====== The input ======

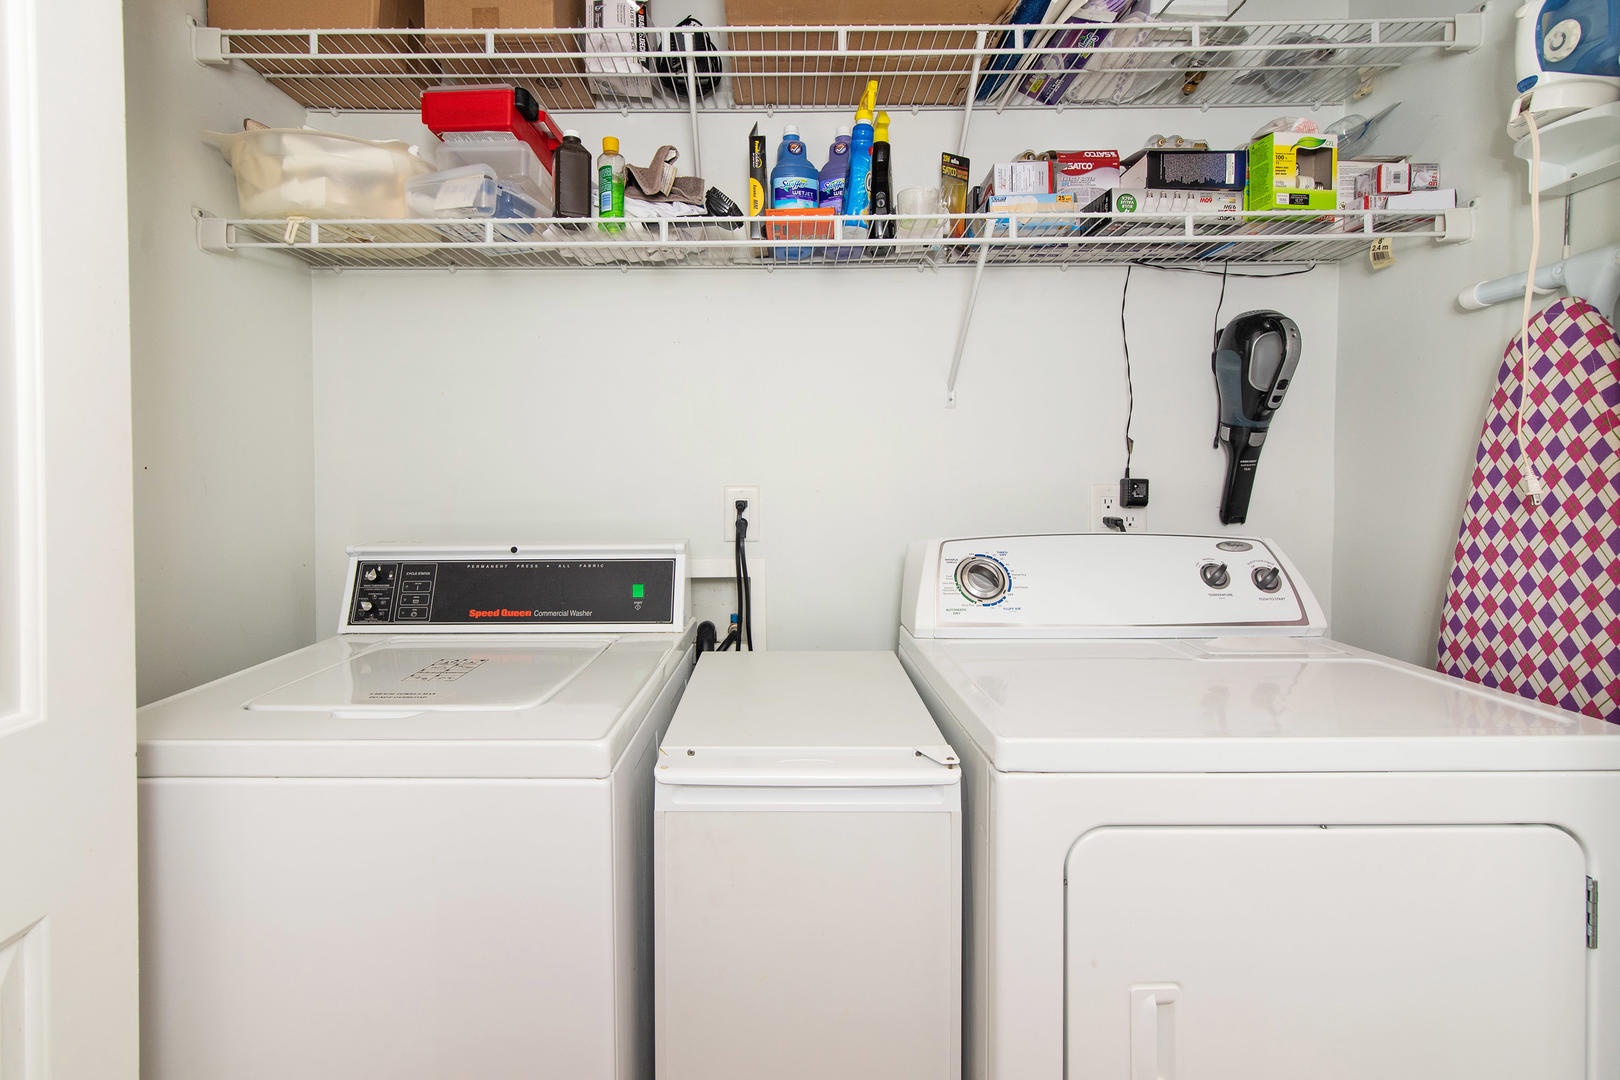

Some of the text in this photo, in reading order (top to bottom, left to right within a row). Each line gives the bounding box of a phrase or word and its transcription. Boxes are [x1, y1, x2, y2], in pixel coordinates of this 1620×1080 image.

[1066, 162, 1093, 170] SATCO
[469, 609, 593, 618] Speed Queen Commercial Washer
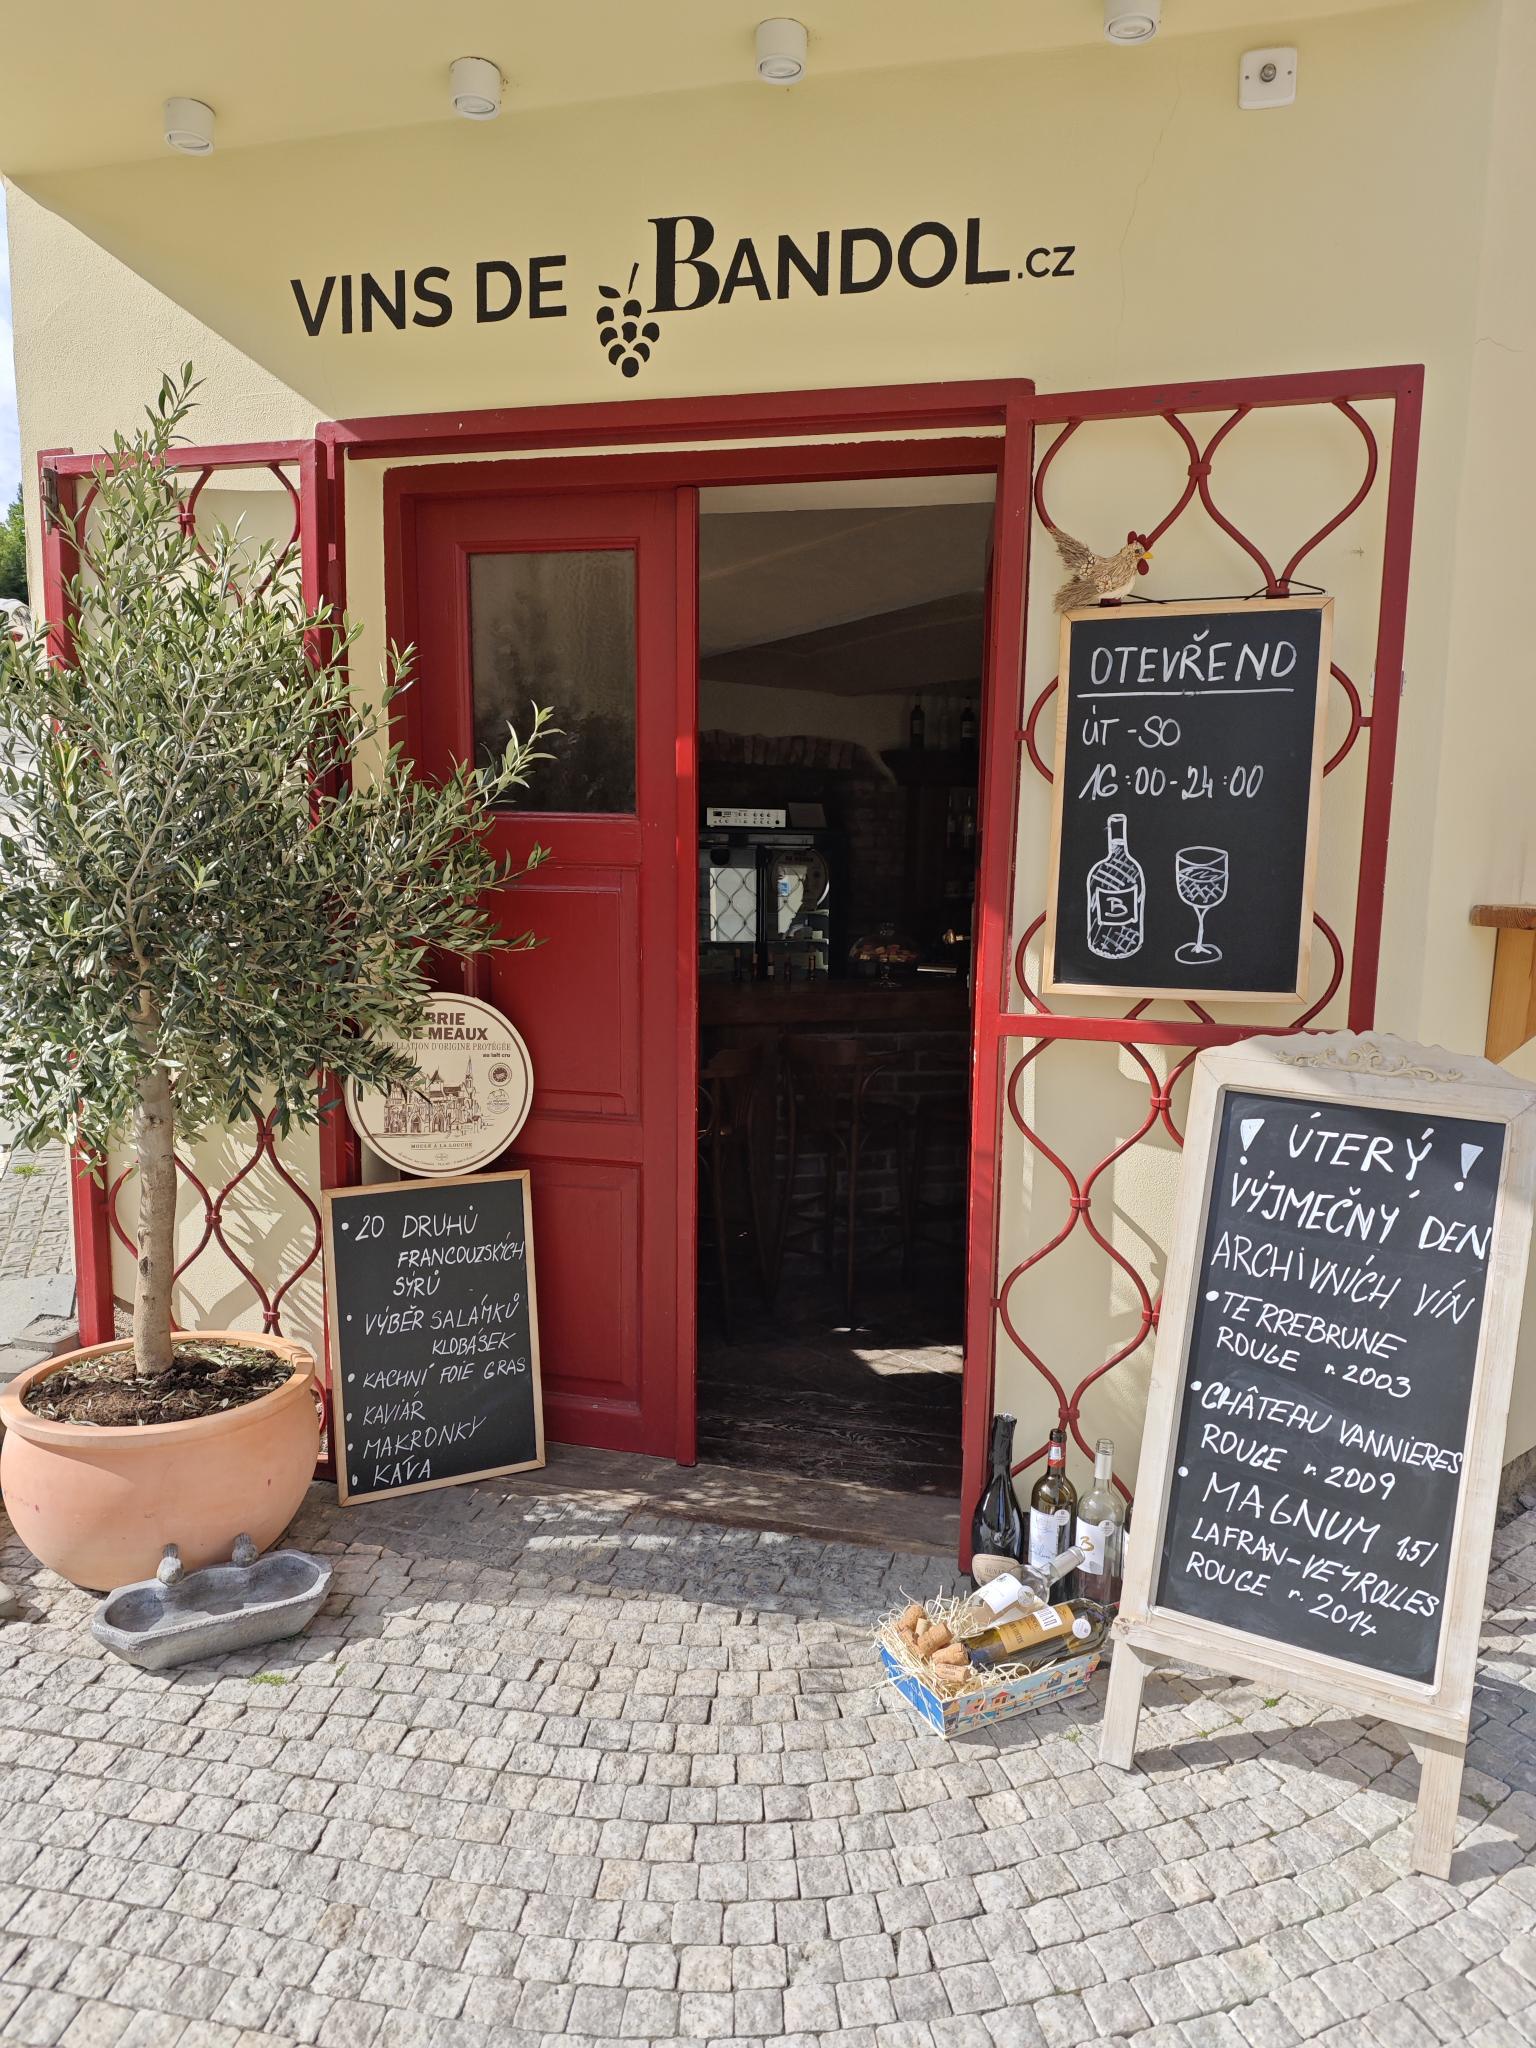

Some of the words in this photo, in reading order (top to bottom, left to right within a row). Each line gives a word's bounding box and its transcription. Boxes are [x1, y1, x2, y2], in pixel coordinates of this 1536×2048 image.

======
====== The input ======

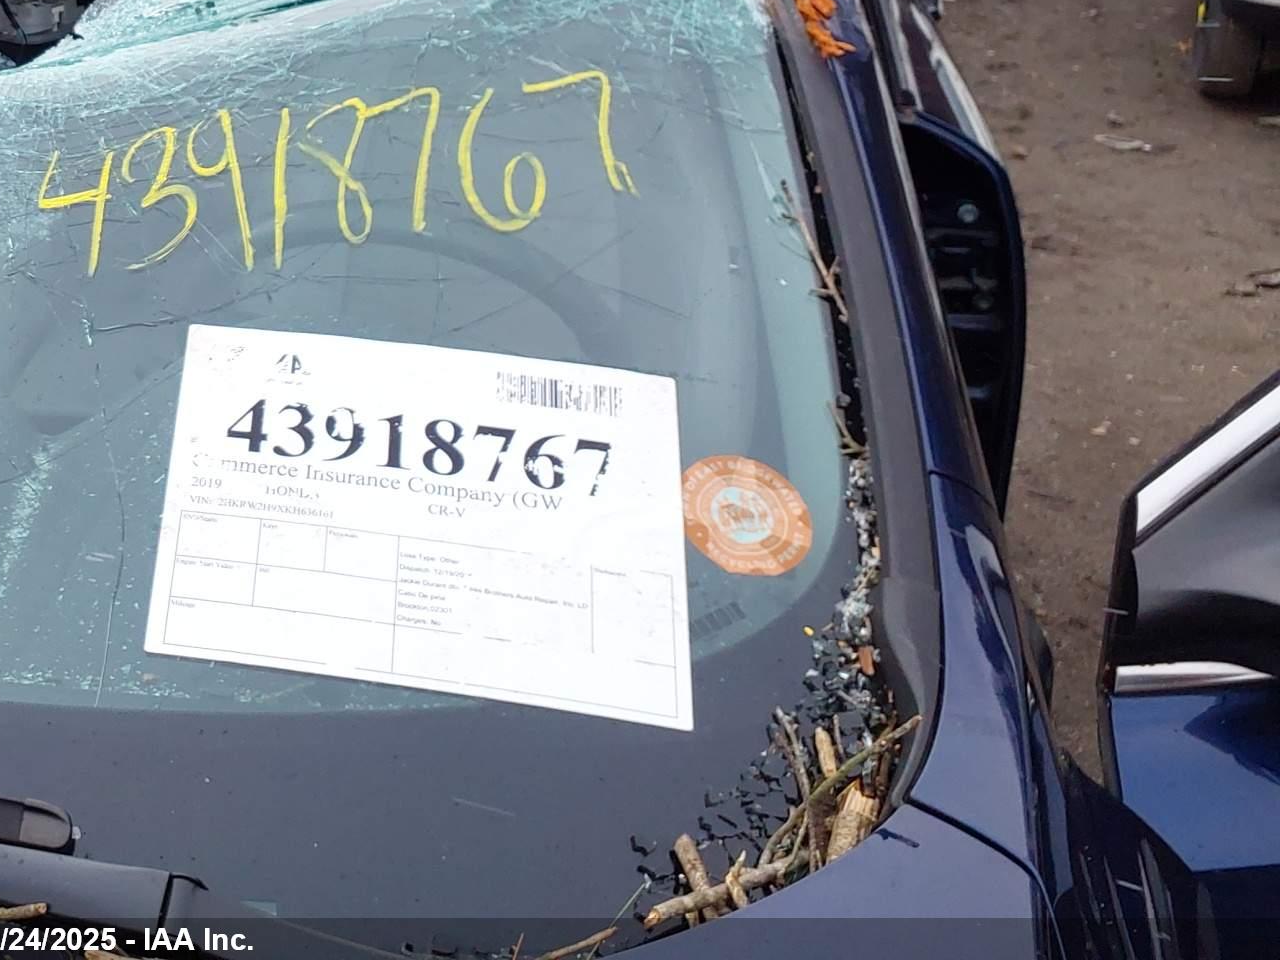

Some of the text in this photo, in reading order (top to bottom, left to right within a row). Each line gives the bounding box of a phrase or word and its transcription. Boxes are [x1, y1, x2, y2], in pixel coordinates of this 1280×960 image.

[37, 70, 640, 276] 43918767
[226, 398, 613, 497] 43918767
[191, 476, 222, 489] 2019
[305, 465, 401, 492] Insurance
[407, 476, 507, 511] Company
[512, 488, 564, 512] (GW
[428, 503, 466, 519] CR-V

======

▶ _Assignment_: What you return must match, character for character, the lines above from the one with "this 1620×1080 image." through the one with "Some of the words", minus any pictures.

▶ _Answer to this task_:
Some of the text in this photo, in reading order (top to bottom, left to right within a row). Each line gives the bounding box of a phrase or word and its transcription. Boxes are [x1, y1, x2, y2], in pixel coordinates of this 1620×1080 image.

[1066, 162, 1093, 170] SATCO
[469, 609, 593, 618] Speed Queen Commercial Washer

Some of the words in this photo, in reading order (top to bottom, left to right within a row). Each line gives a word's bounding box and its transcription. Boxes are [x1, y1, x2, y2], in pixel coordinates of this 1536×2048 image.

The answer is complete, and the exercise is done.